Il fenomeno Chiara Ferragni è un caso di imprenditoria senza precedenti. Conosciuta in tutto il mondo, Chiara, si definisce un’imprenditrice digitale creando di fatto una nuova figura professionale che è il frutto della società contemporanea che passa le sue giornate collegata in rete e con un occhio sui social network.

Chiara Ferragni nasce a Cremona, cresce con la passione della moda e ama posare davanti a un obiettivo. Durante i suoi anni universitari apre un profilo su Duepuntozero, un sito dei primi anni 2000, in cui postava sue fotografie che mostravano scene della sua vita. Nel 2009 apre il suo blog The Blonde Salad che cura con estrema dedizione insieme al fidanzato dell’epoca Riccardo Pozzoli.

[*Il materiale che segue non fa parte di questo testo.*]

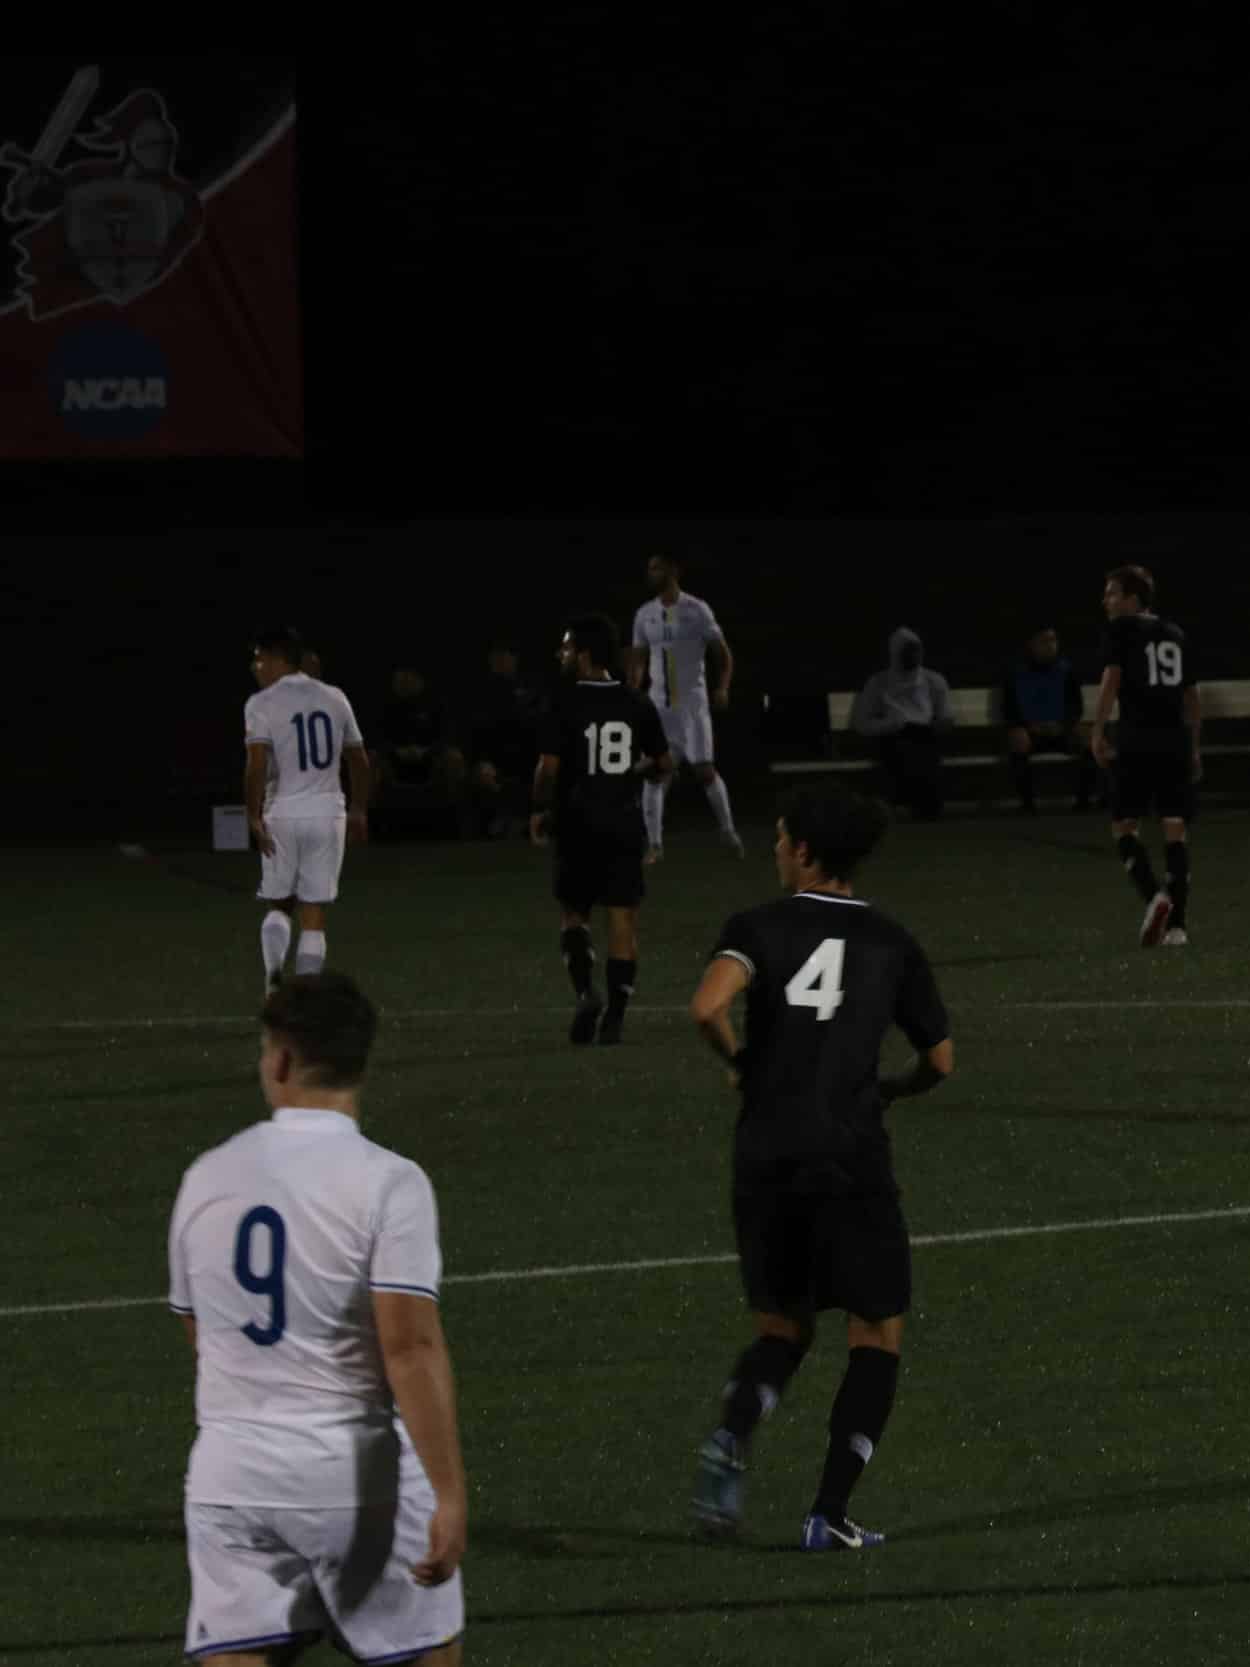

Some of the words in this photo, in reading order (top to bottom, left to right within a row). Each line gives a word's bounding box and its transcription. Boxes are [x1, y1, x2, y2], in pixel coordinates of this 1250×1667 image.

[62, 379, 167, 411] NCAA
[1145, 641, 1182, 686] 19
[290, 710, 335, 772] 10
[584, 721, 632, 774] 18
[785, 938, 845, 1022] 4
[234, 1205, 286, 1347] 9

Il progetto inizia a riscuotere enorme successo, era un blog che si occupava di fashion, in cui Chiara proponeva vari outfit dando consigli e proponendo tendenze.

La spontaneità di Chiara attira tanti lettori e anche il mondo della moda si accorge di lei. Inizia a essere invitata alle sfilate di alta moda, a presenziare vari eventi arrivando anche a essere menzionata da Vogue che la incorona Blogger of the Moment.

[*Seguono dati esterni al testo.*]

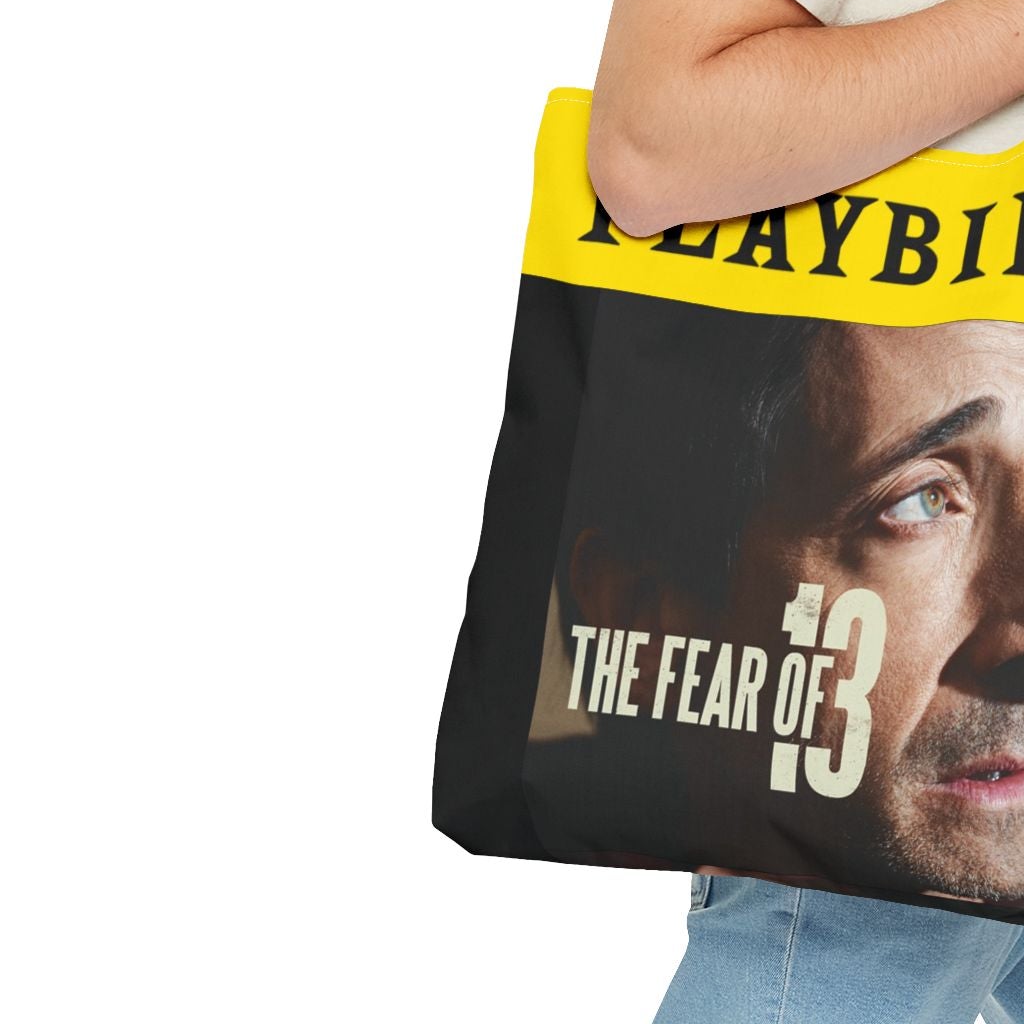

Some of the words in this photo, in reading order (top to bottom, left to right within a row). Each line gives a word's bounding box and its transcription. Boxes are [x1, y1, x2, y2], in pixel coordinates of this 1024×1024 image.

[567, 624, 650, 717] THE
[651, 634, 768, 733] FEAR
[770, 582, 888, 799] 13
[772, 651, 835, 740] OF

Grazie a lei viene riconosciuta l’importanza alla figura del blogger, che fino ad allora non veniva vista di buon occhio dai giornalisti del mondo della moda. La differenza principale sta nel modo di includere la community: i giornalisti vengono visti come un mondo a parte, lavorano nel campo della moda ma la mostrano come una realtà irraggiungibile, invece Chiara, come tutti i blogger, dimezza queste distanze dimostrando che chiunque può fare parte di quel mondo platinato impegnandosi, se c’è riuscita una ragazza come lei possiamo tutti.

Dal blog al successo mondiale

Nel 2011, come detto prima, Vogue la menziona in un suo articolo e da quel momento la carriera di Chiara va a gonfie vele. Nel 2013 il blog raggiunge 1,6 milioni di follower su Instagram. The Blonde Salad viene registrato come marchio e inizia a produrre una linea di abbigliamento, scarpe e accessori. Lei viene scelta come testimonial di tantissimi marchi divenendo uno dei volti più conosciuti al mondo.

Nel 2015 la sua storia diviene un caso studio a Harvard, nel 2016 Forbes la inserisce nella lista “30 Under 30 Europe The Arts”. Inizia anche ad aprire punti vendita della Chiara Ferragni Colletion in tutto il mondo. Nel 2019 è stato girato un film documentario sulla sua vita che è stato proiettato alla 76esima Mostra del Cinema di Venezia.